Depending on the eco+ settings the car will only be charged when you have electricity left. So normally in the night it will not charge. If you need this you should set timers that over right the eco. If the Tesla is charged it will start charging every 1-2 hours to top up.
If the Tesla is charged & the timer setting was Eco+ I haven’t seen evidence it will top up every 1-2 hours. As far as I can see it doesn’t continue charging beyond the end of the set timer period.

(Setting a timer on Eco would normally start an immediate charge irrespective of solar or battery surplus so I don’t do that - also confirmed by Myenergi)

I’m asking what’s the benefit of plugging in overnight (as Tesla recommends), whether the car can ask for current & override a Zappi ‘waiting for surplus’ or is this instruction by Tesla only relevant to their own ‘dumb’ charger?
 
Depending on the eco+ settings the car will only be charged when you have electricity left. So normally in the night it will not charge. If you need this you should set timers that over right the eco. If the Tesla is charged it will start charging every 1-2 hours to top up.

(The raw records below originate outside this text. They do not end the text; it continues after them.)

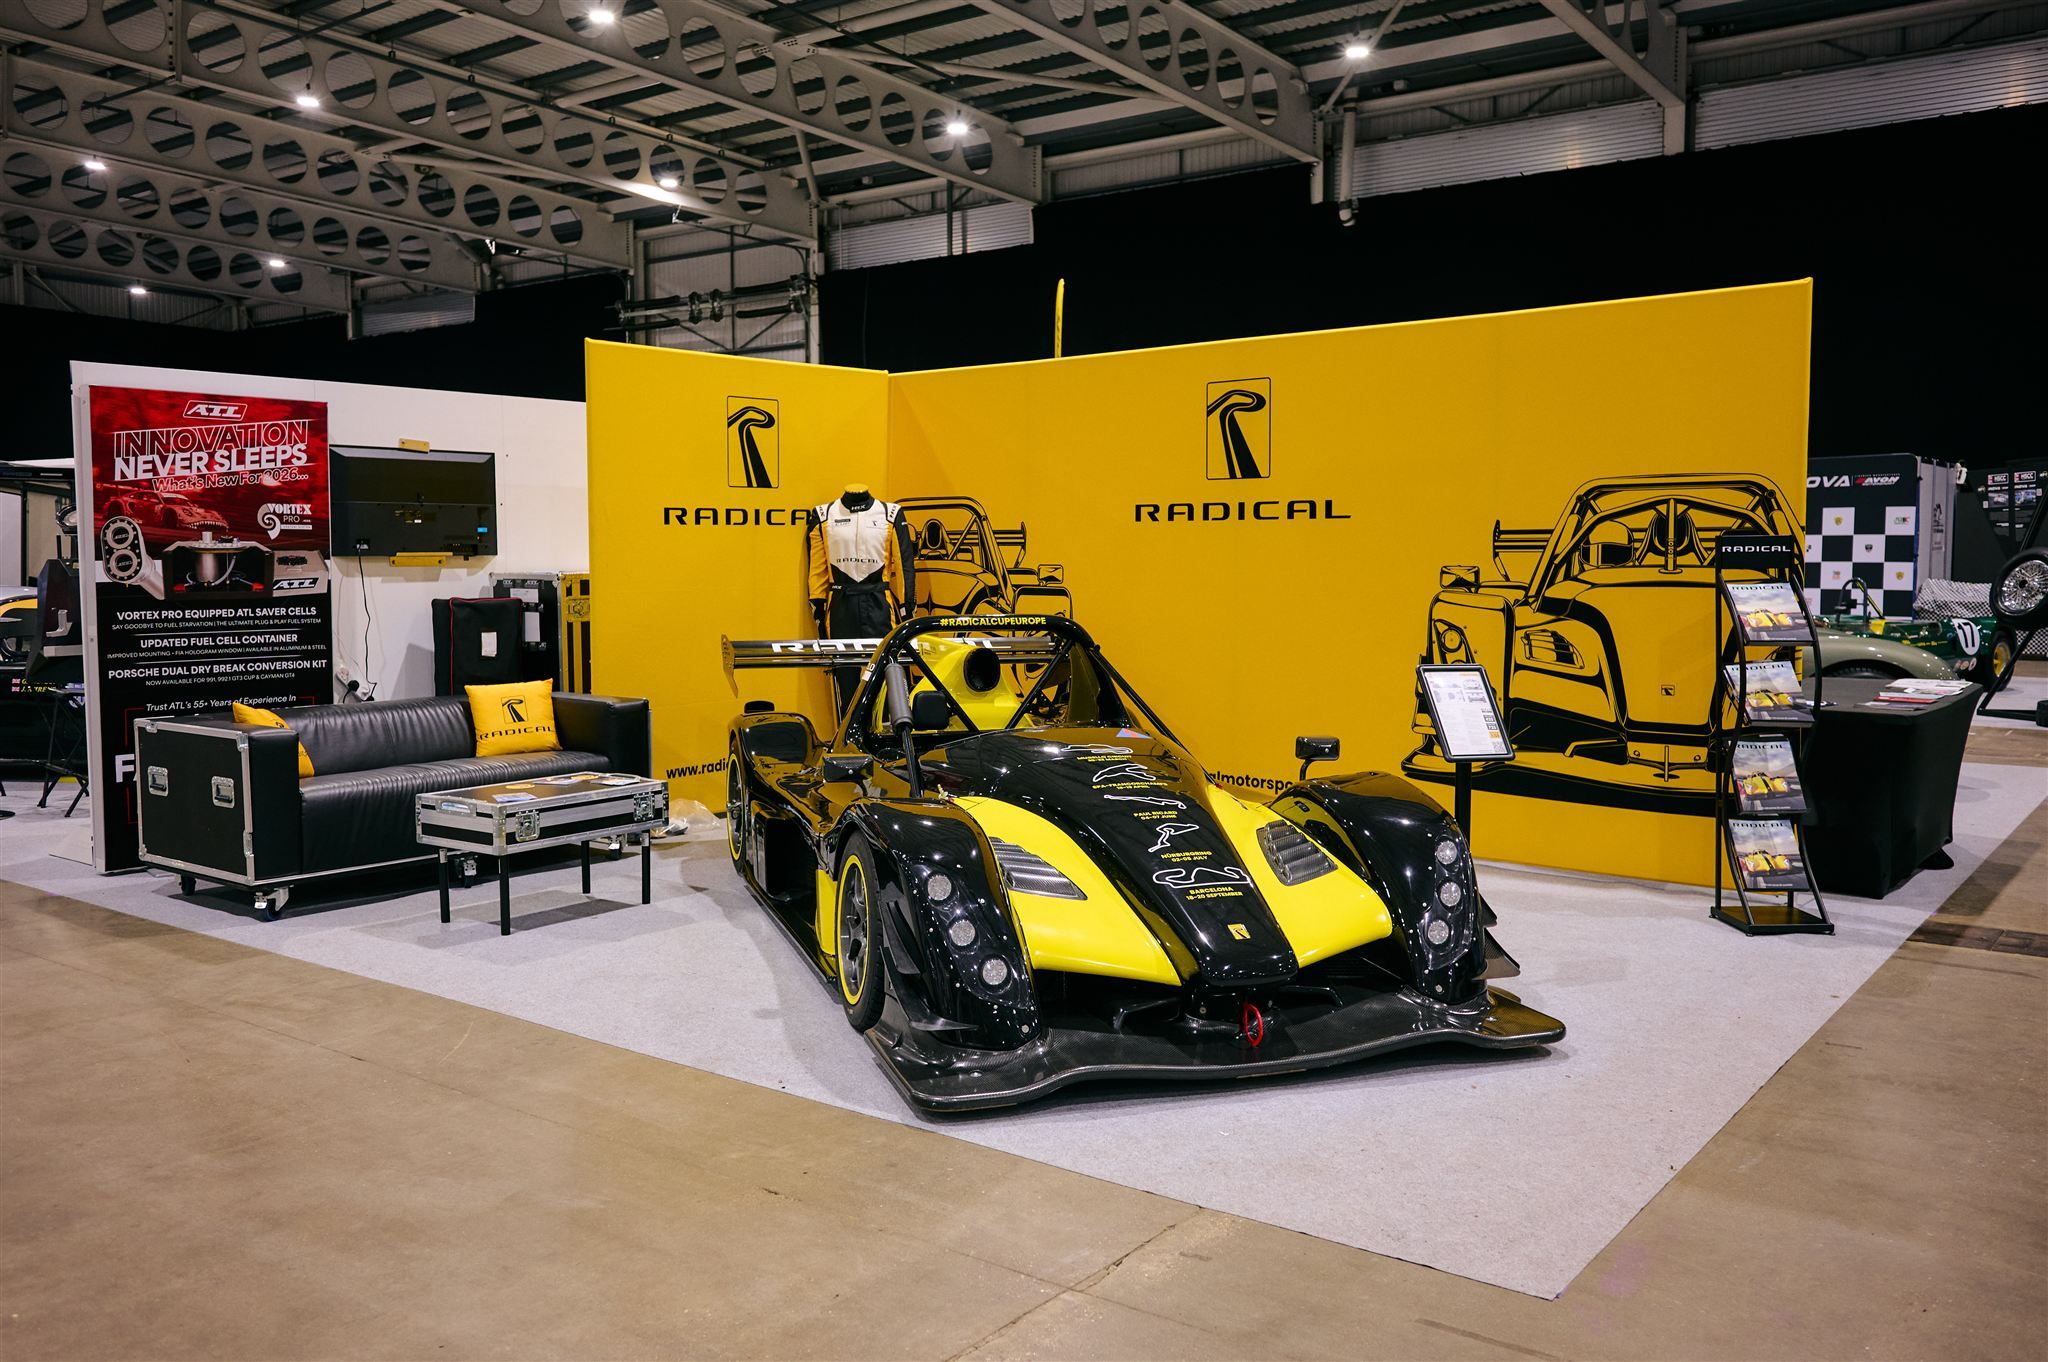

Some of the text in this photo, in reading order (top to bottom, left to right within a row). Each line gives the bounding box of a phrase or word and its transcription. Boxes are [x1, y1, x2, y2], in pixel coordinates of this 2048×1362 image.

[114, 420, 308, 459] INNOVATION
[115, 443, 308, 481] NEVER SLEEPS
[152, 467, 309, 492] What's New For 2026...
[1806, 475, 1850, 488] OVA
[266, 503, 312, 515] VORTEX
[1134, 499, 1352, 522] RADICAL
[283, 515, 300, 523] PRO
[663, 507, 811, 526] RADICA
[273, 579, 315, 590] ATL
[117, 606, 317, 620] VORTEX PRO EQUIPPED ATL SAVER CELLS
[940, 616, 1047, 627] #RADICALCUPEUROPE
[140, 634, 298, 648] UPDATED FUEL CELL CONTAINER
[1957, 622, 1976, 648] 17
[108, 660, 328, 680] PORSCHE DUAL DRY BREAK CONVERSION KIT
[146, 703, 168, 712] Trust
[168, 701, 192, 710] ATL's
[210, 699, 232, 707] Years
[243, 696, 288, 705] Experience
[480, 726, 556, 740] RADICAL
[1161, 851, 1212, 859] NÜRBURGRING
[1189, 886, 1234, 894] BARCELONA
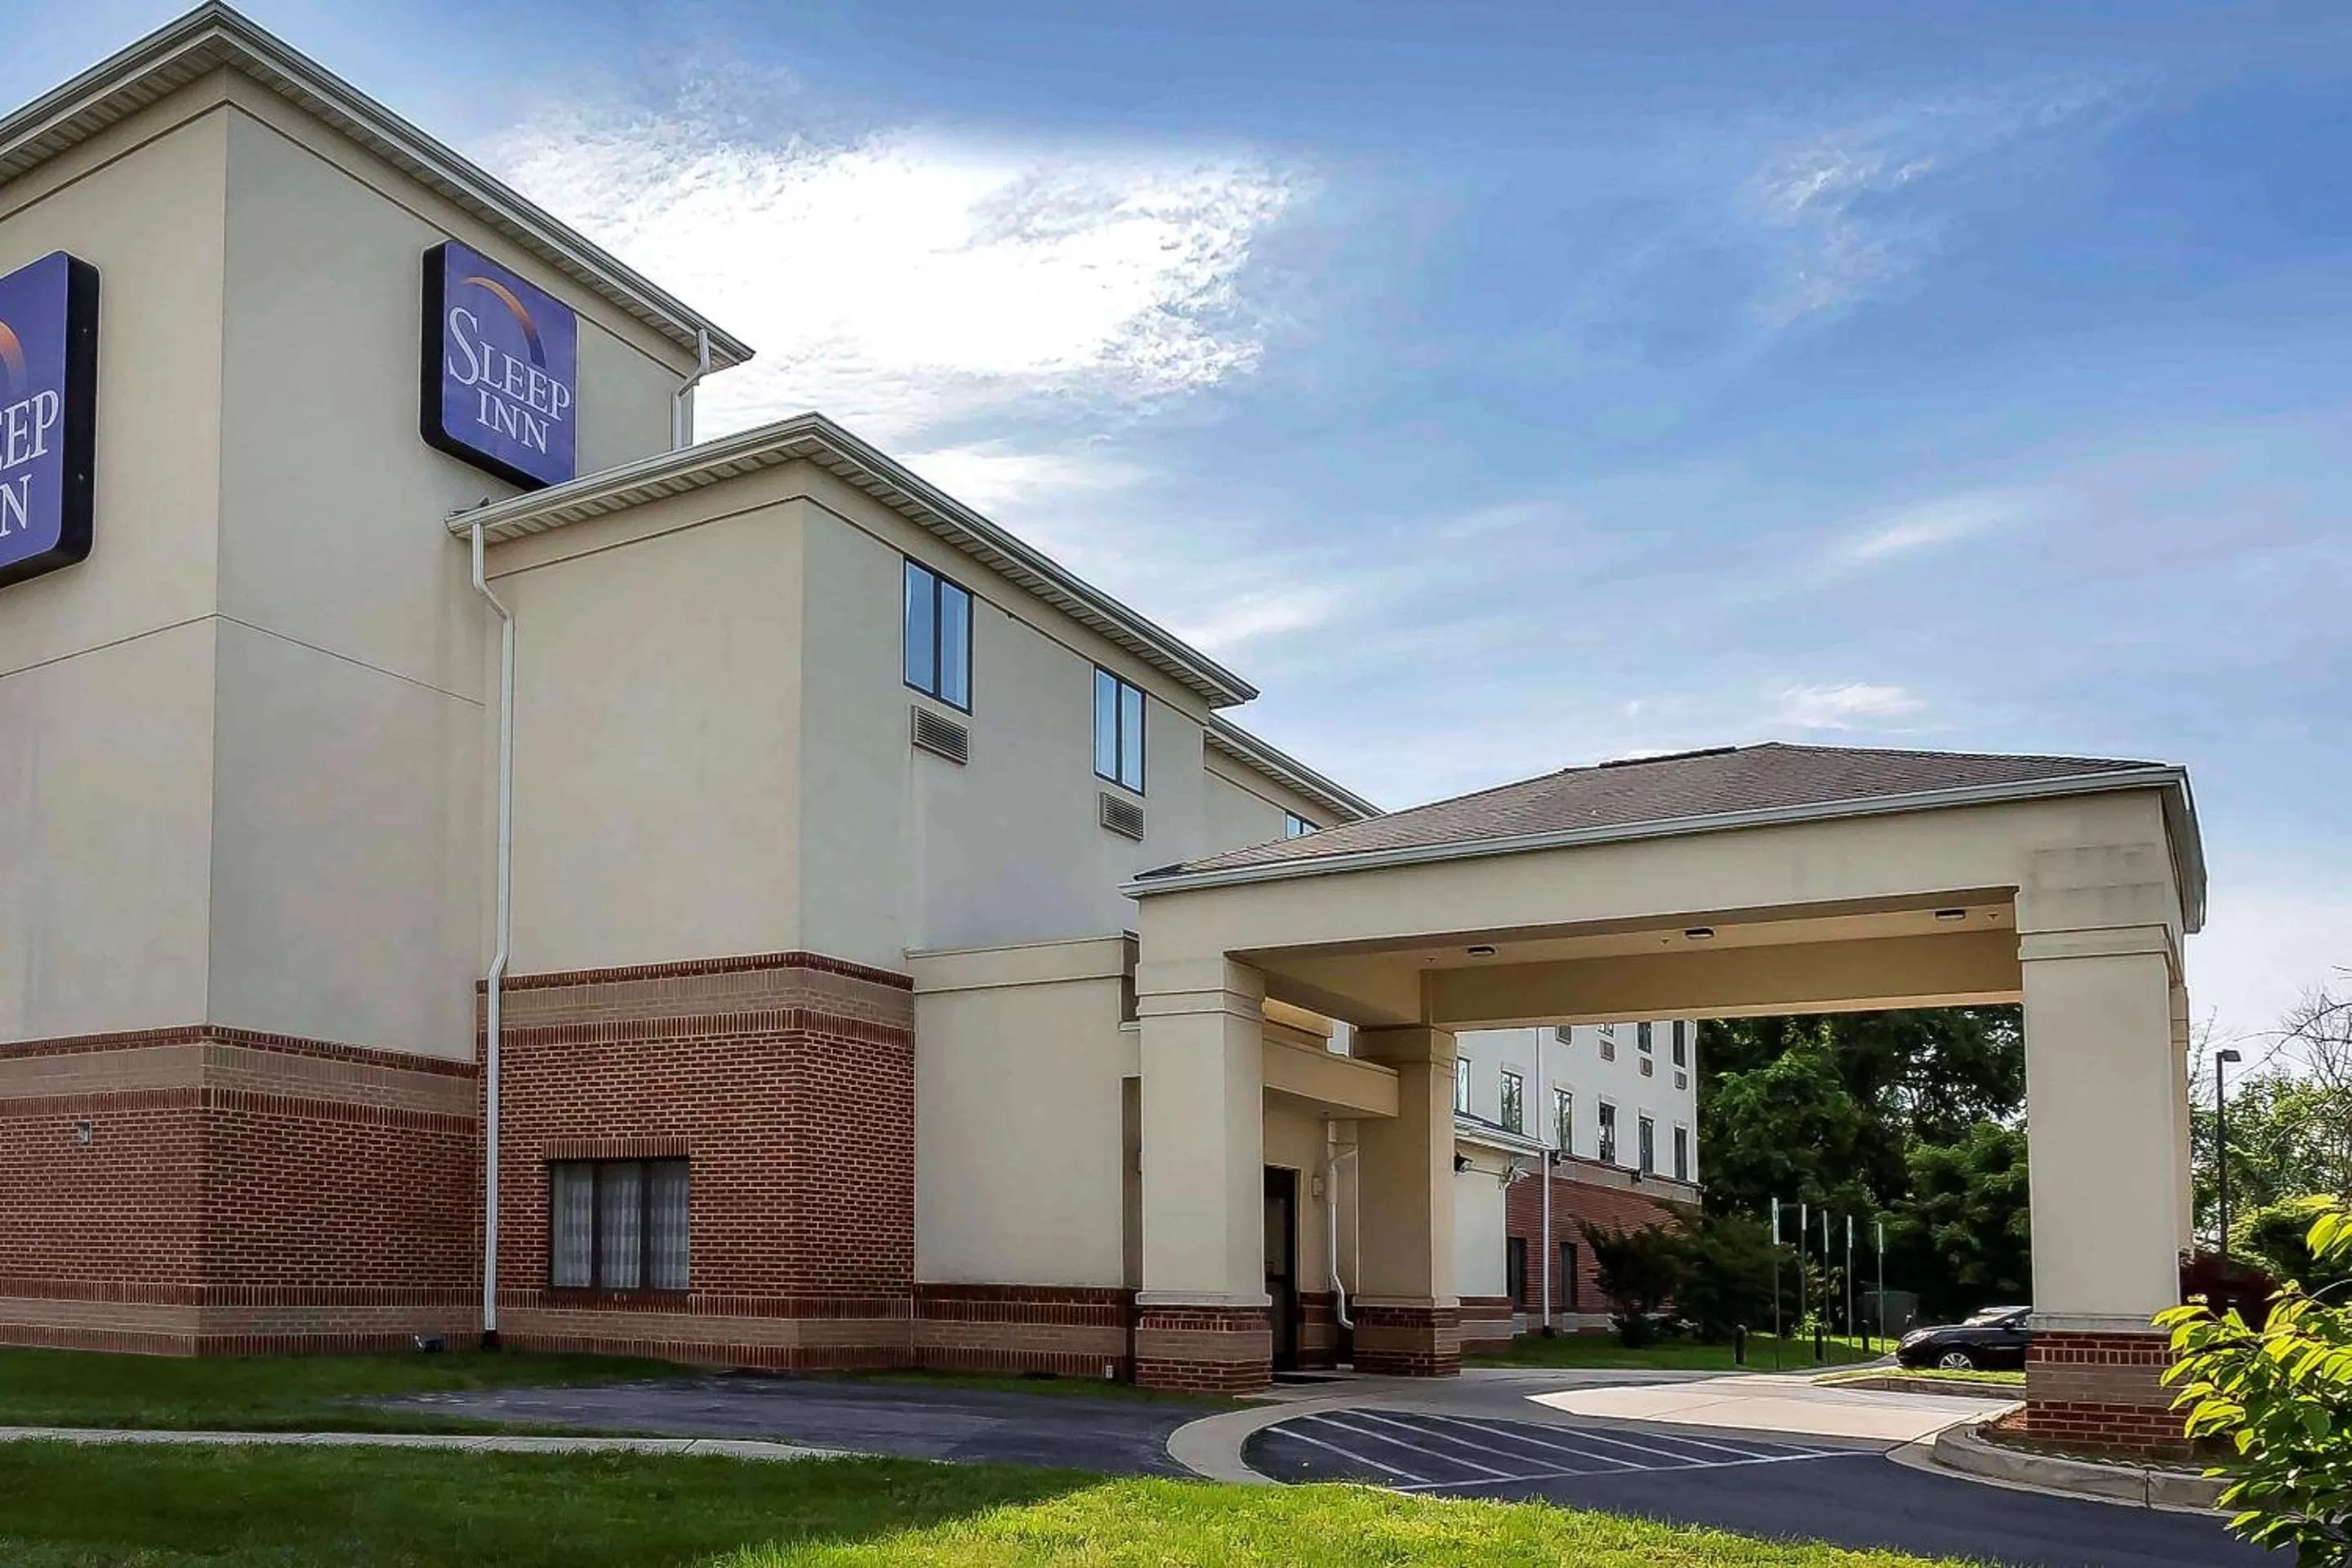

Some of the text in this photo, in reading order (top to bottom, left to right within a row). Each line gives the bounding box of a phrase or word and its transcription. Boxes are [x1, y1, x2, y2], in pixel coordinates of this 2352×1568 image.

[448, 306, 570, 421] SLEEP
[0, 390, 59, 471] EP
[476, 387, 550, 454] INN

I was thinking that @Drew57 was meaning with the Boost setting ... but maybe I'm wrong.
 
I’m asking what’s the benefit of plugging in overnight (as Tesla recommends), whether the car can ask for current & override a Zappi ‘waiting for surplus’ or is this instruction by Tesla only relevant to their own ‘dumb’ charger?

Yes, that's the question. Will it respond to a request for a pre-condition in the morning of example. I understand that it won't but I haven't actually tried it.
 
If the Tesla is charged & the timer setting was Eco+ I haven’t seen evidence it will top up every 1-2 hours. As far as I can see it doesn’t continue charging beyond the end of the set timer period.

(Setting a timer on Eco would normally start an immediate charge irrespective of solar or battery surplus so I don’t do that - also confirmed by Myenergi)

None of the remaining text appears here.